#### [EXERCISE GOAL]
Copy every line of the records exactly, without including the images.

#### [Images for object localization]
* * *
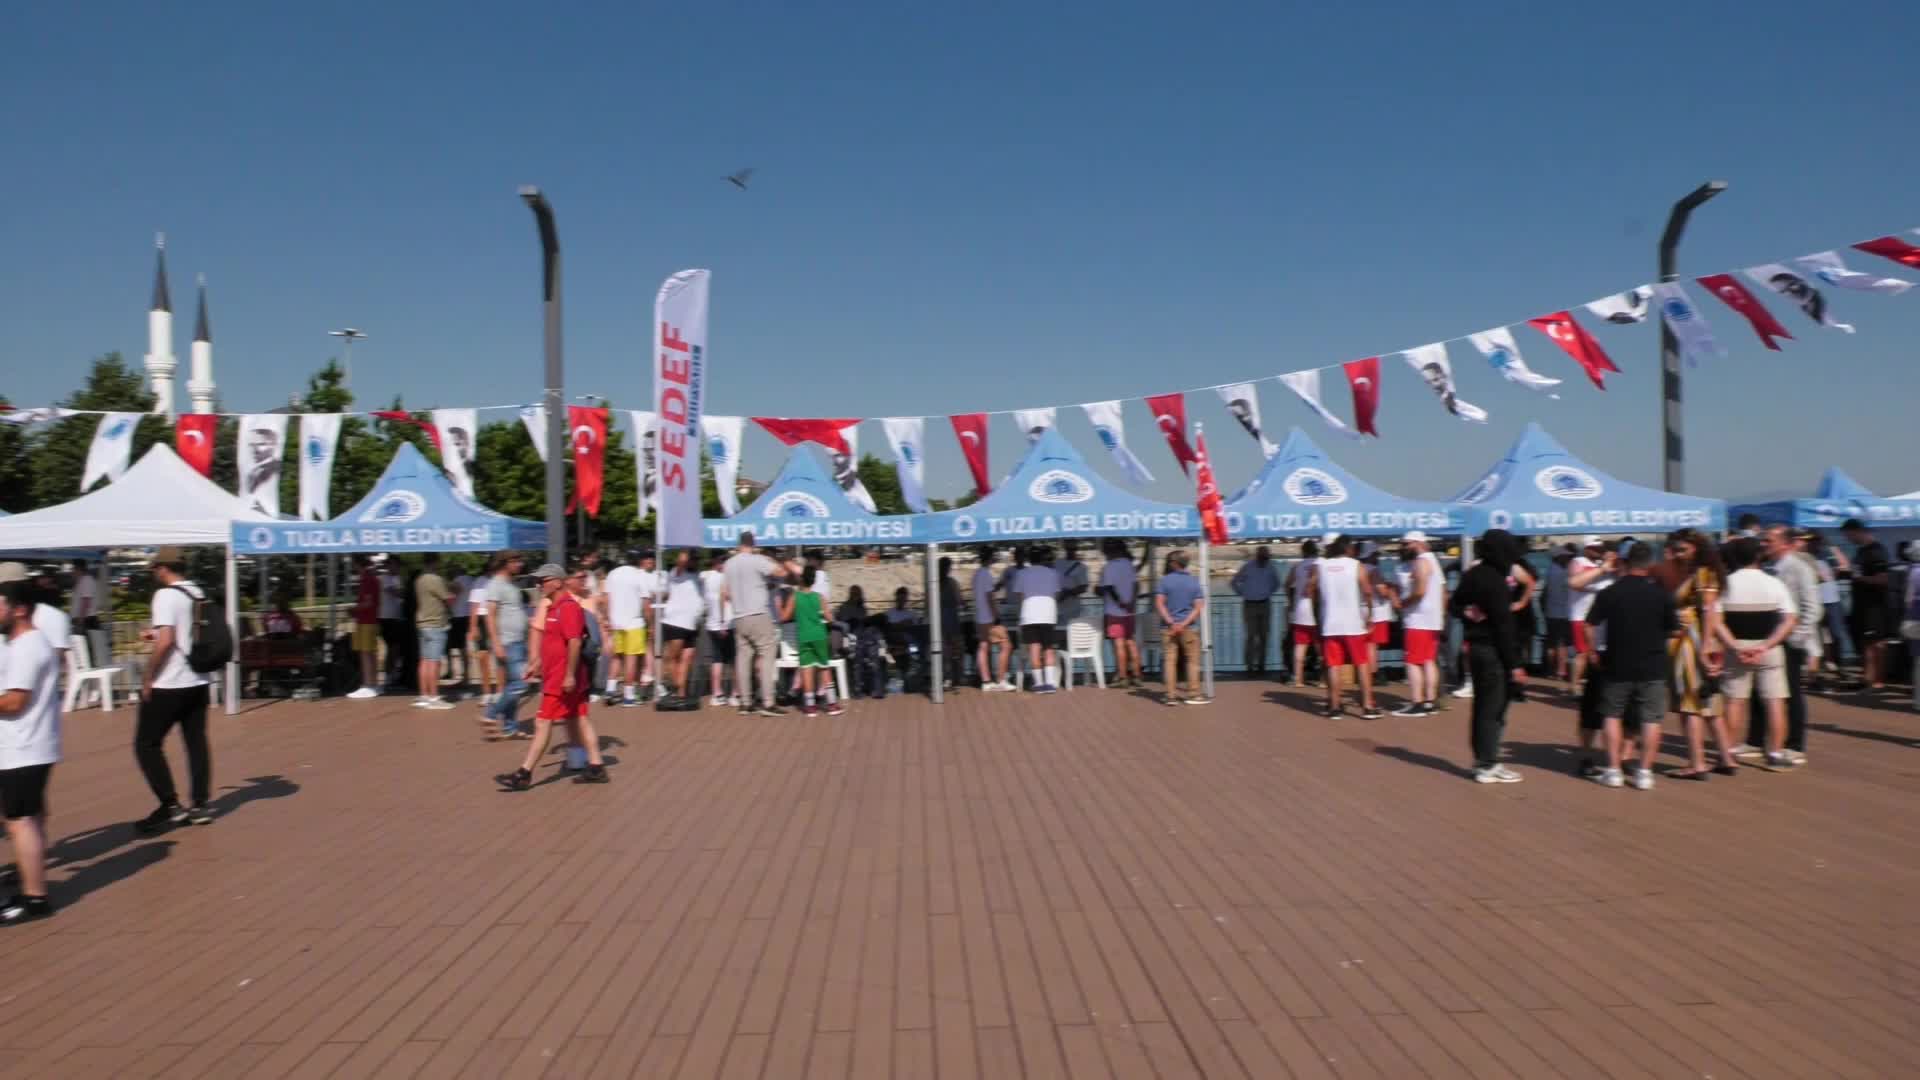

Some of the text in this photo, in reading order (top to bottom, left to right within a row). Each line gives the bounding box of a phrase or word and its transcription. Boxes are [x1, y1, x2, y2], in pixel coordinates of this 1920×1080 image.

[661, 321, 689, 496] SEDEF
[783, 517, 912, 539] BELEDİYESİ
[986, 509, 1188, 535] TUZLA BELEDİYESİ
[1256, 508, 1450, 531] TUZLA BELEDİYESİ
[282, 524, 491, 547] TUZLA BELEDİYESİ
* * *
#### [ANSWER AREA]
Some of the text in this photo, in reading order (top to bottom, left to right within a row). Each line gives the bounding box of a phrase or word and its transcription. Boxes are [x1, y1, x2, y2], in pixel coordinates of this 1920×1080 image.

[661, 321, 689, 496] SEDEF
[783, 517, 912, 539] BELEDİYESİ
[986, 509, 1188, 535] TUZLA BELEDİYESİ
[1256, 508, 1450, 531] TUZLA BELEDİYESİ
[282, 524, 491, 547] TUZLA BELEDİYESİ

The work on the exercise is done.